May 17, 2020

Citi's new platform aids Latin America supply chain

Supply Chain Digital
Latin America
Latin America Supply Ch
Freddie Pierce
3 min
Supply Chain Finance Vision from Citi provides supply chain assistance to 14 Latin American countries
The Latin American supply chain is getting a boost this week. Citi announced the launch of a new web-based supply chain platform for 14 countries in La...

The Latin American supply chain is getting a boost this week.

Citi announced the launch of a new web-based supply chain platform for 14 countries in Latin America. The fourteen countries include Brazil, Mexico, Peru, Argentina, Colombia, Panama, Puerto Rico, Dominican Republic, Costa Rica, El Salvador, Guatemala, Honduras, Jamaica and Trinidad.

“Citi is proud to be able to offer this solution to our clients in Latin America and across the globe,” the company said in a statement.

Citi’s pioneer Supply Chain Finance Vision is a web-based platform for discounting, tracking and reporting receivables and facilitates communication between buyers and sellers. Supply Chain Finance Vision is a complementary solution to Citi’s Supplier Finance and the overall suite of supply chain finance solutions that Citi offers.

The system features multi-location, multi-lingual, and multi-currency functionality, and can link directly to companies’ ERP systems to automate file processing and reduce input errors. It provides strong benefits for buyers and suppliers, offering to suppliers an attractive tool to accelerate the liquidity of receivables at competitive rates with no need to increase their debt.

It also allows buyers to better manage days payables outstanding (DPO) and suppliers the ability to manage their Days Sales Outstanding (DSO).
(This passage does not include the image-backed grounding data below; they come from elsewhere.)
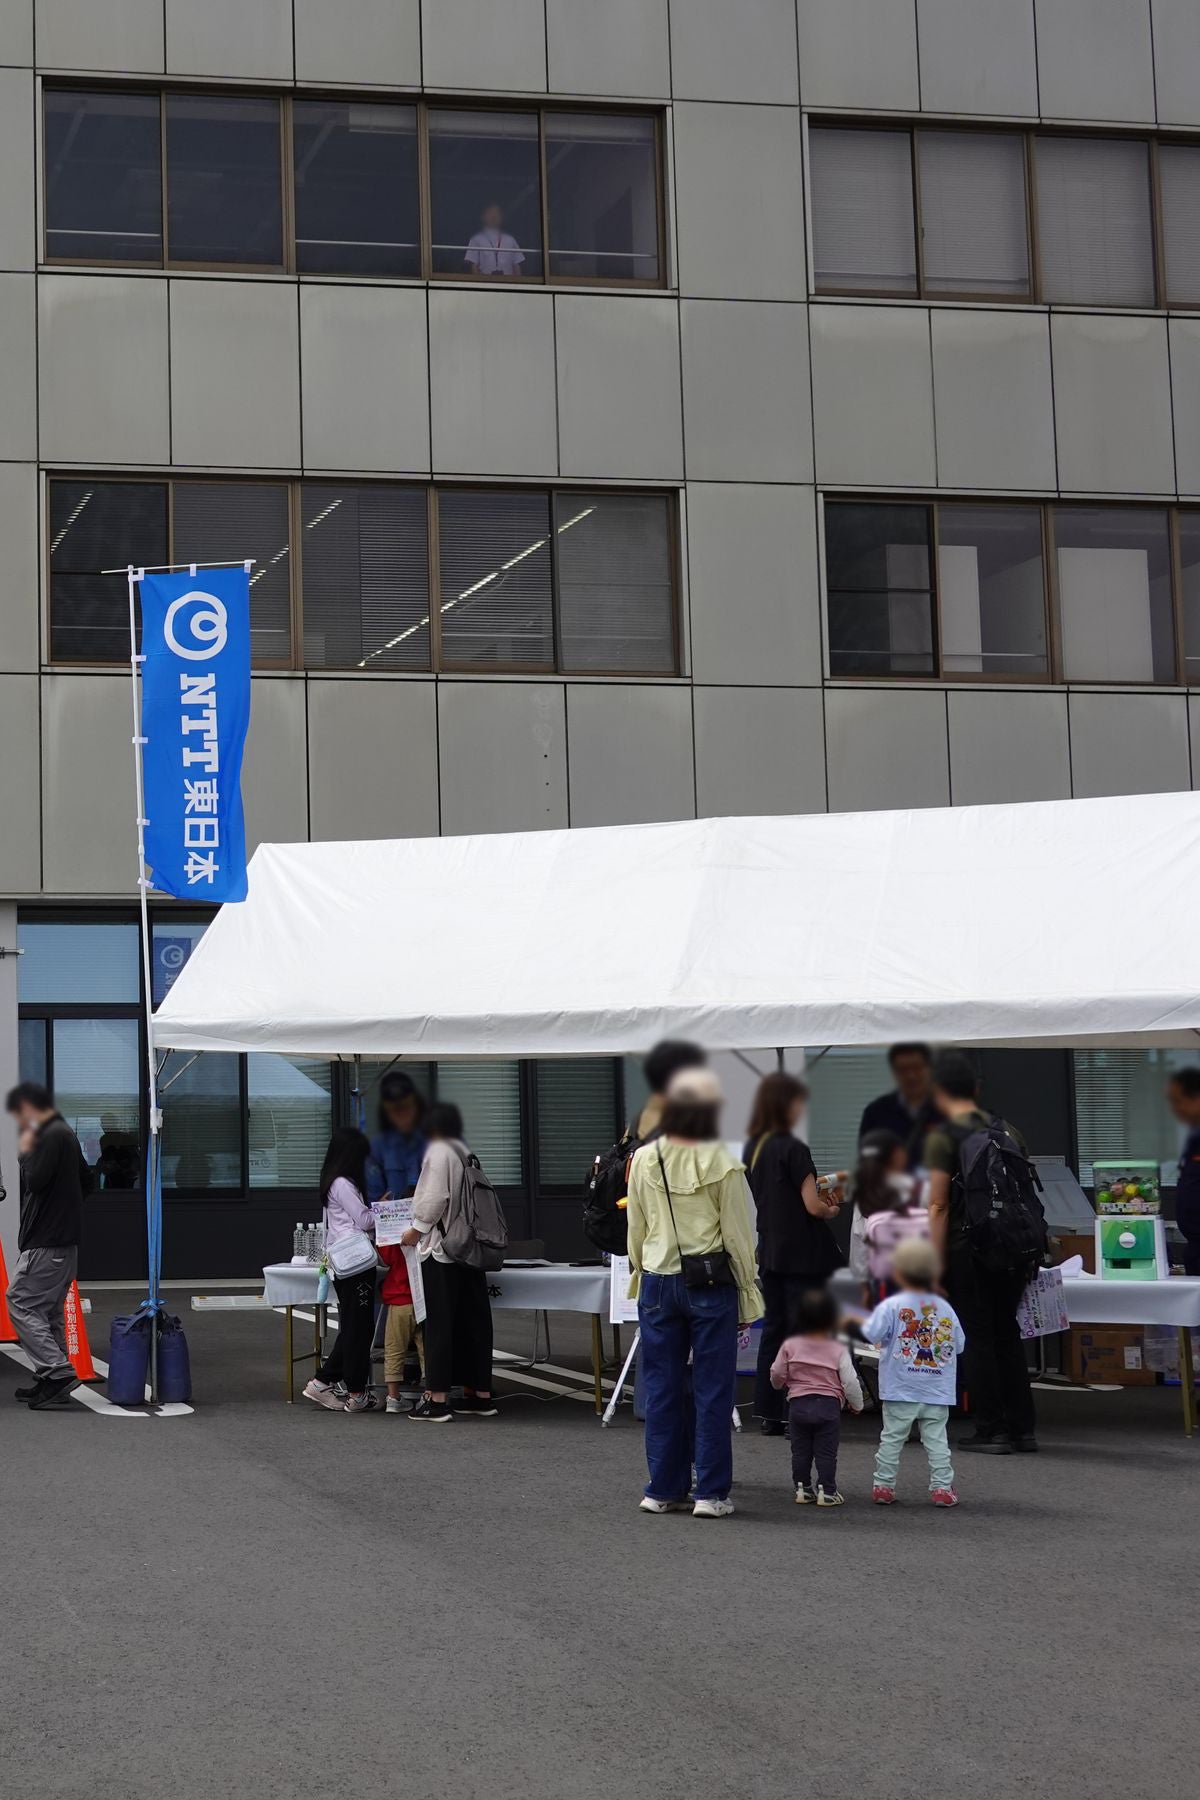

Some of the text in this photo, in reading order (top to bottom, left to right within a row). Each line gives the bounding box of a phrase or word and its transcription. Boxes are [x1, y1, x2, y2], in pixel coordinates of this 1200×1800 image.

[179, 672, 220, 885] NTT東日本
[921, 1367, 943, 1376] PATROL
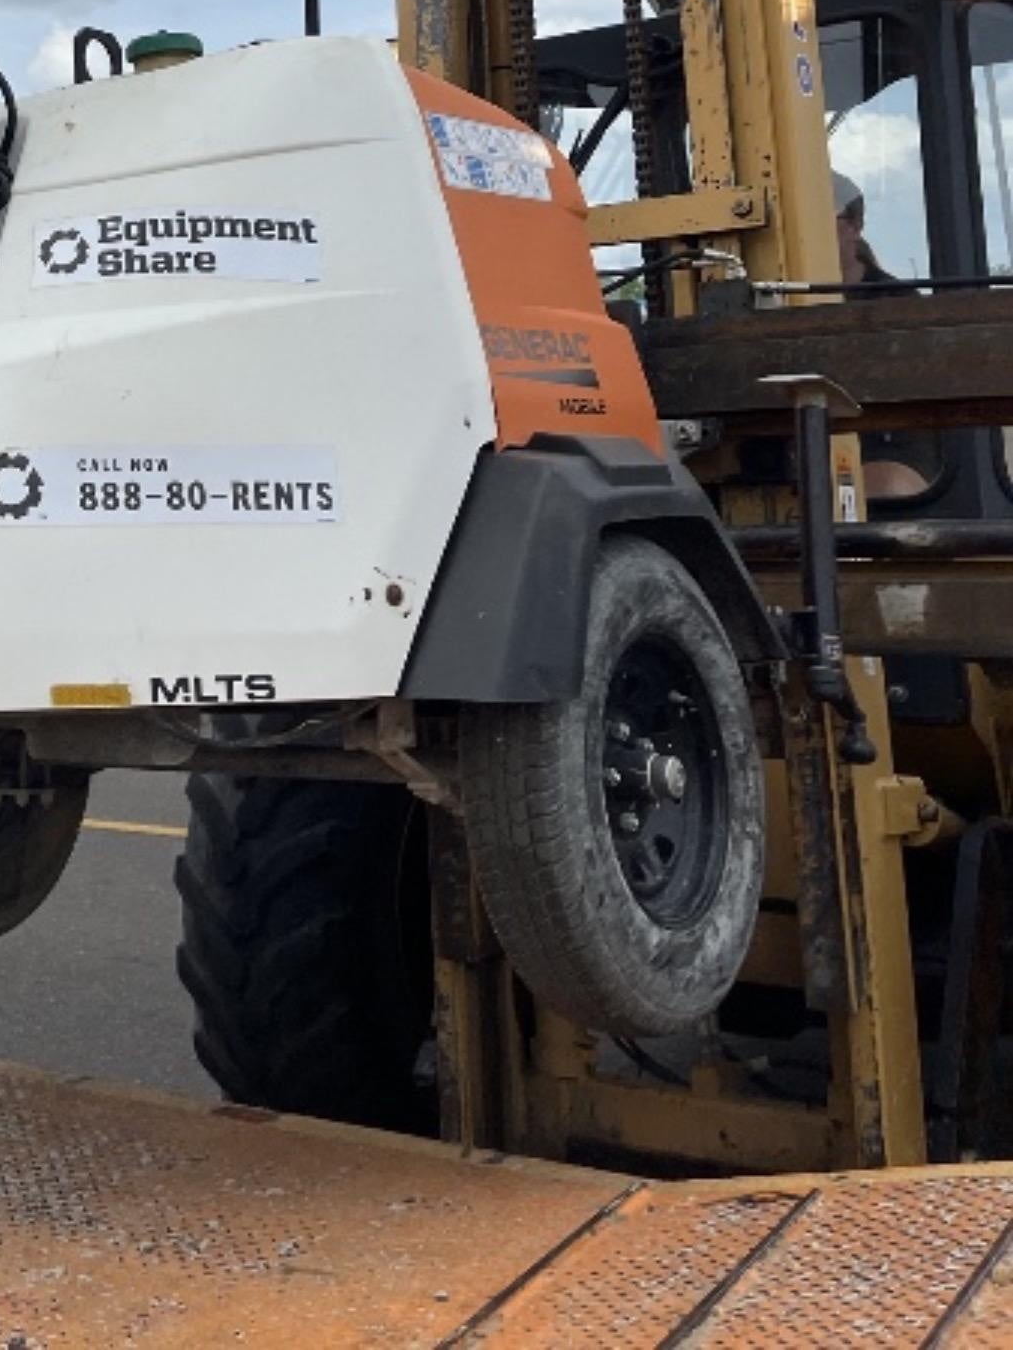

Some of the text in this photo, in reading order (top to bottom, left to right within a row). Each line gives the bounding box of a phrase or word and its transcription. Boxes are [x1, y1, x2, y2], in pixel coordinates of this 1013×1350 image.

[96, 211, 318, 245] Equipment
[96, 247, 217, 276] Share
[76, 457, 169, 472] CALL NOW
[78, 481, 334, 512] 888-80-RENTS
[149, 674, 277, 703] MLTS
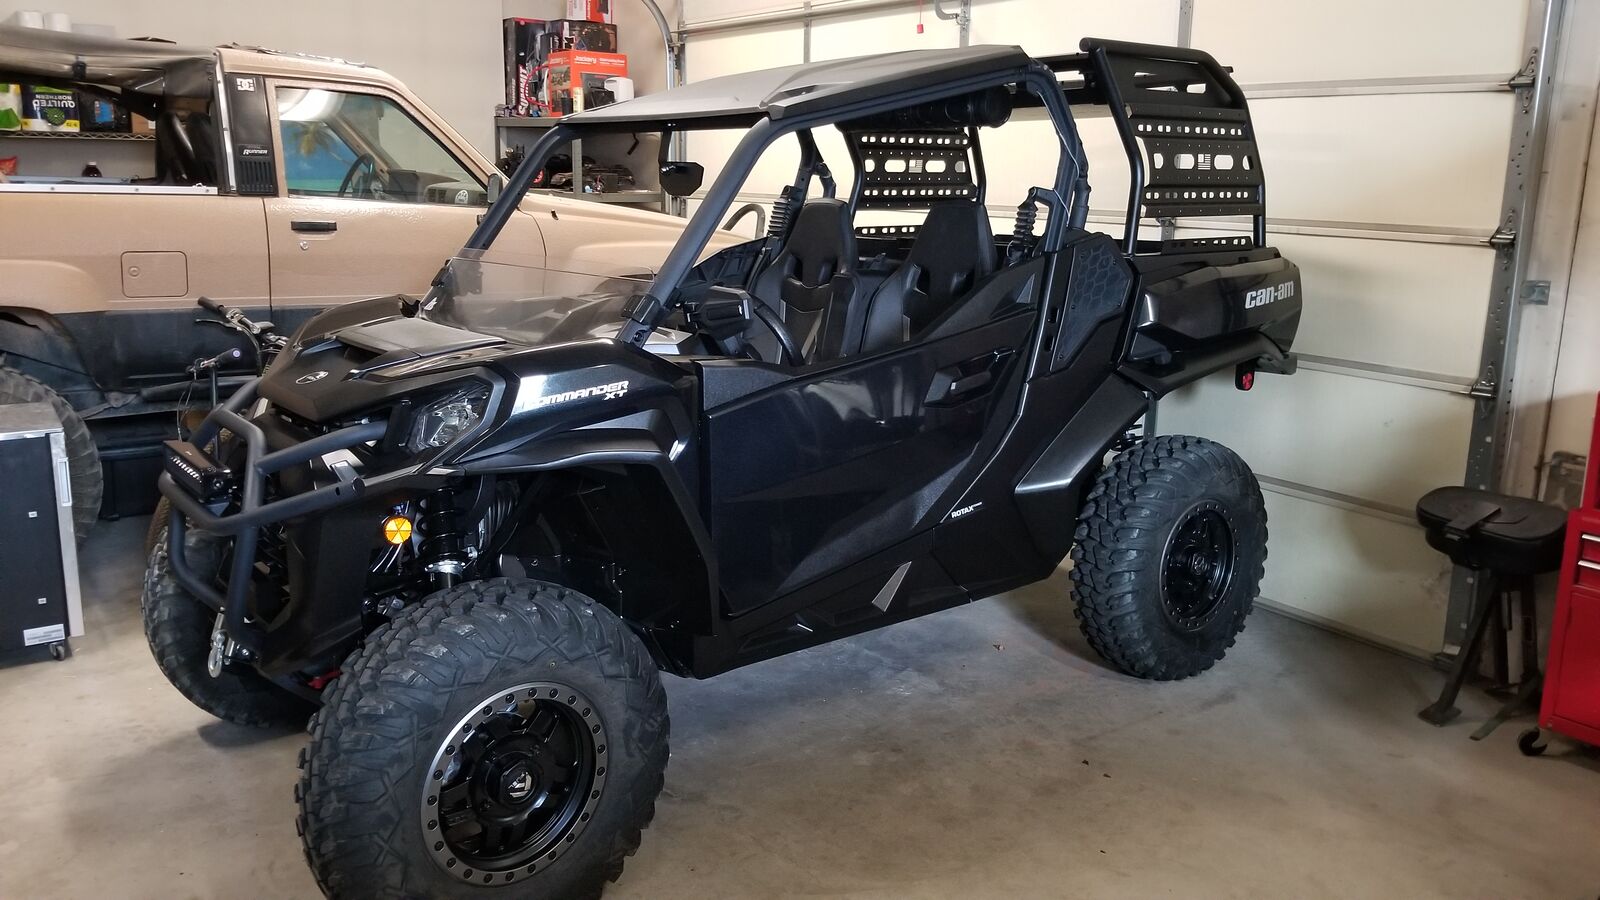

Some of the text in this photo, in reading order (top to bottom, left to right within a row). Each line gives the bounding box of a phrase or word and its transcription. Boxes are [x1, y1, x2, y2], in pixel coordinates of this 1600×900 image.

[518, 66, 529, 115] SUMMIT
[32, 99, 75, 109] QUILTED
[1244, 281, 1294, 309] can-am
[530, 380, 629, 405] OMMANDER
[603, 389, 629, 400] XT
[951, 503, 979, 518] ROTAX
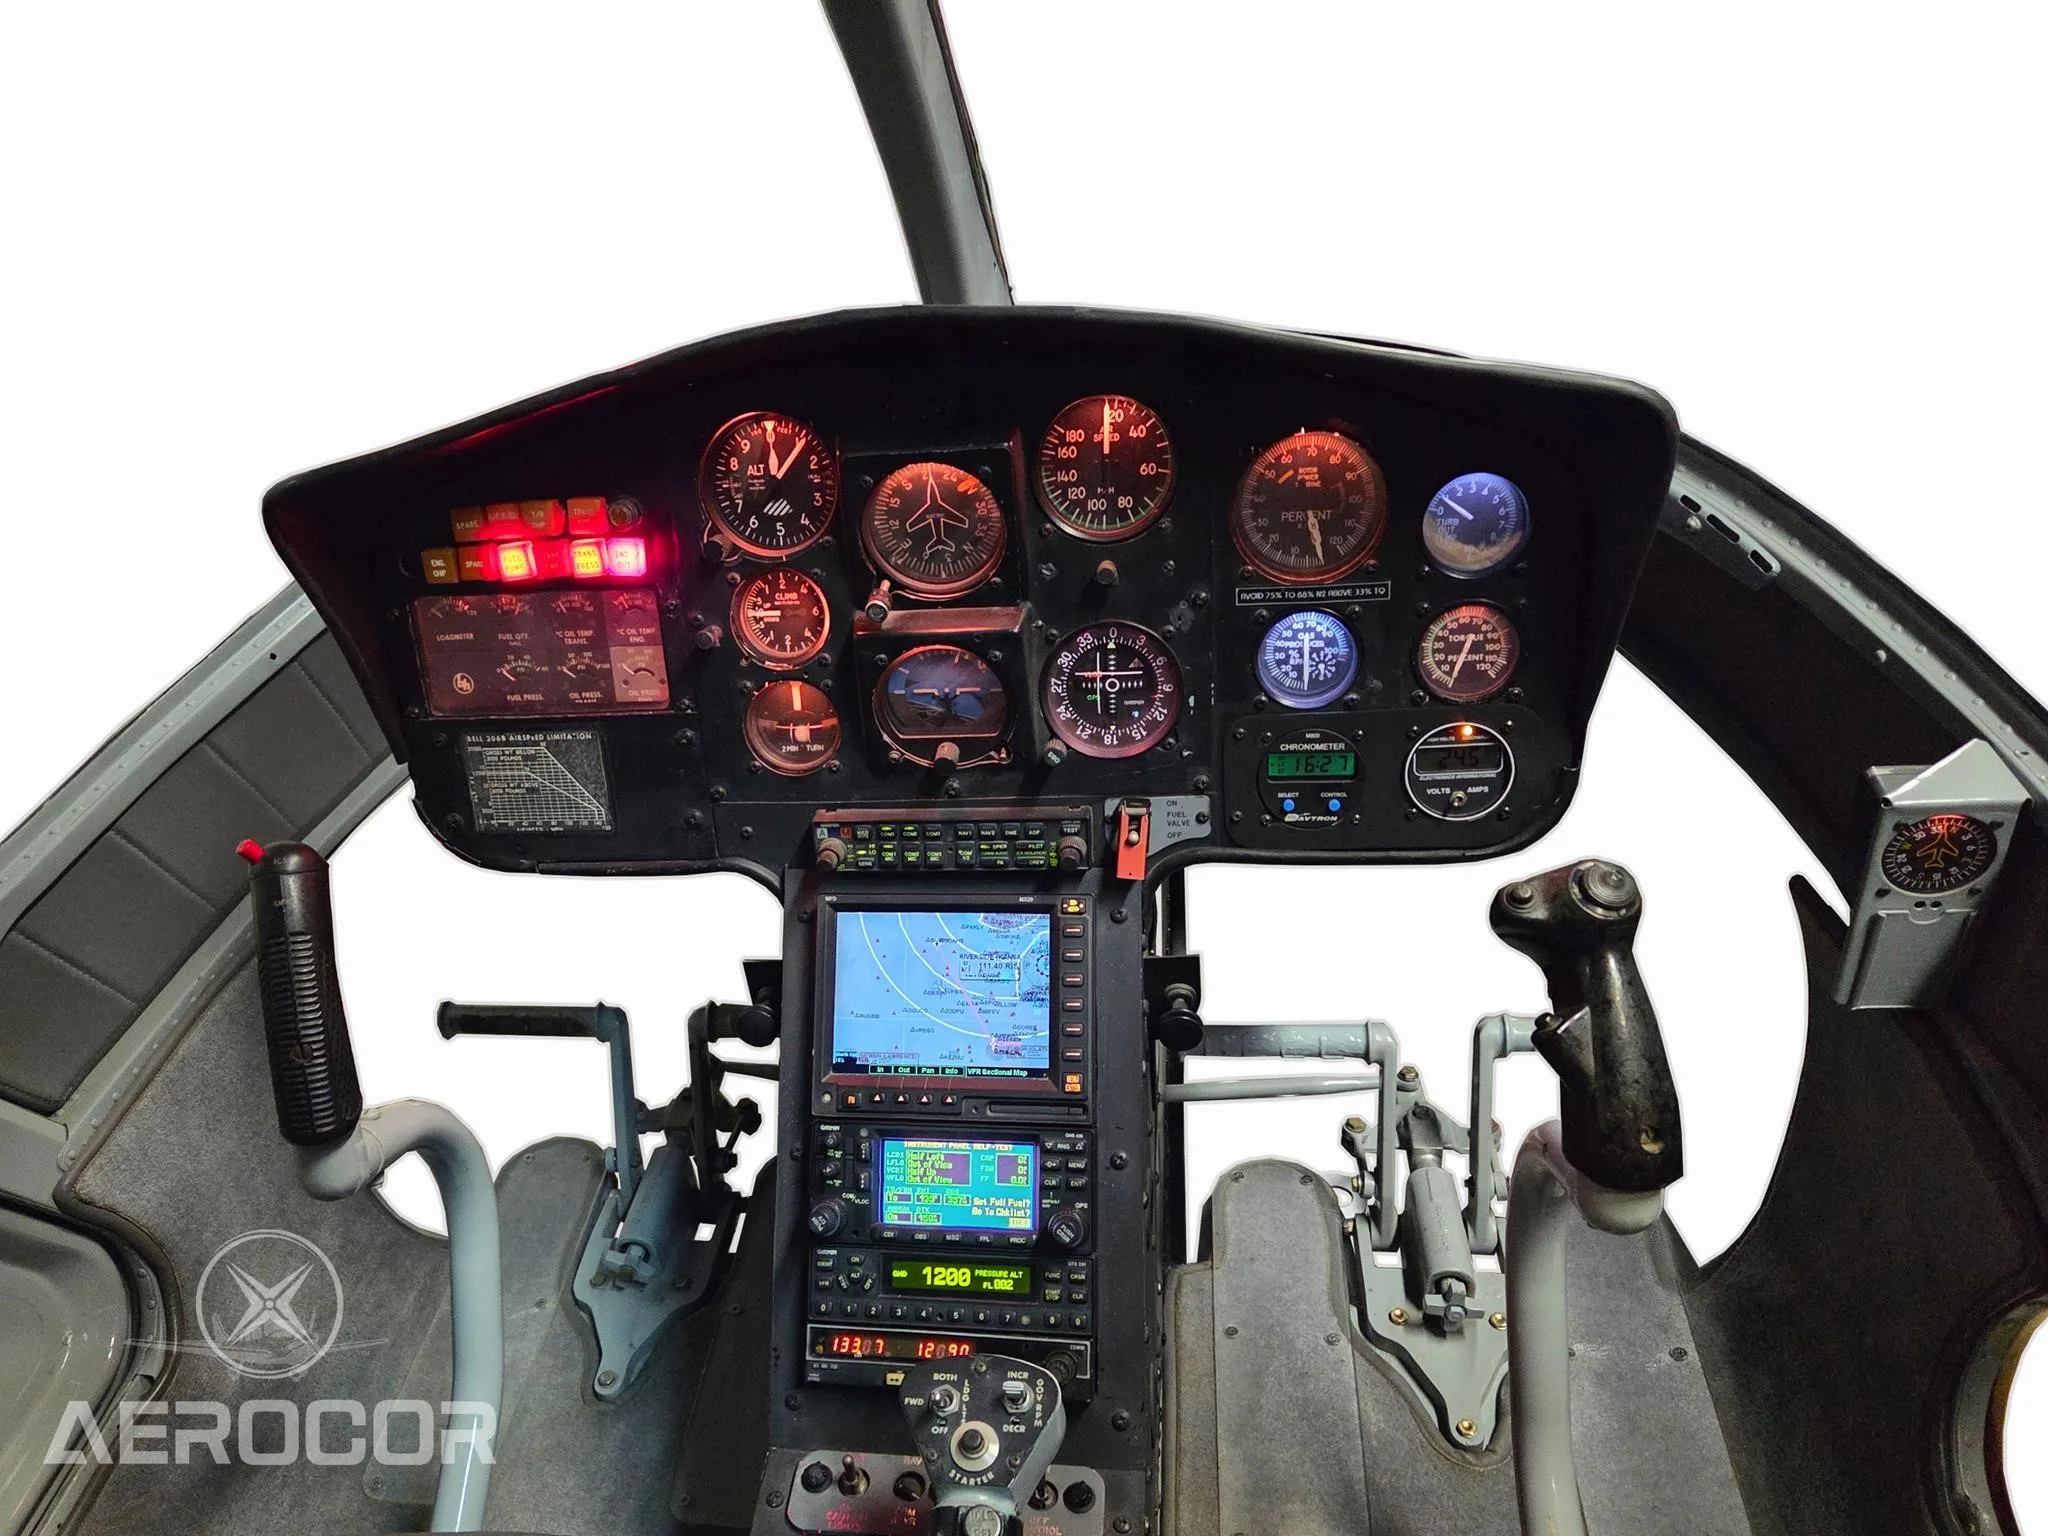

Today, Citi in Latin America works with over 120 buyers and 4,000 suppliers to accelerate their working capital strategies.

Citi’s working capital and supply chain management solutions allow companies to manage risks and optimize cash flows, thereby improving financial flexibility, increasing supply chain liquidity, and reducing trade-flow risk.

“We are committed to delivering innovative and specialized solutions in supply chain and working capital management to our clients,” Francisco Aristeguieta, Global Transaction Services Latin America and Mexico Region Head said. “Far more than a means of low-cost financing, our unique and recently launched regional web-based supply chain finance solutions offer tremendous value during any economic cycle.”

With a market-leading network spanning the globe, Citi provides in-country trade and supplier financing expertise in 80 countries. More than 2,000 trade professionals, plus 1,500 relationship management and sales staff serve more than 15,000 trade customers.

Citi’s trade experts and six regional processing centers offer around-the-clock operations support and deliver supply chain solutions to suppliers, buyers and financial institutions.

“Regulatory changes and tightening credit continue to challenge economies around the world, keeping supply chain finance and working capital management as a focal point for companies of all sizes,” John Ahearn, Global Head of Trade in Citi’s Global Transaction Services unit said. “Citi is proud to be able to offer this solution to our clients in Latin America and across the globe.”

Global Transaction Services, a division of Citi’s Institutional Clients Group, offers integrated cash management, trade, and securities and fund services to multinational corporations, financial institutions and public sector organizations around the world.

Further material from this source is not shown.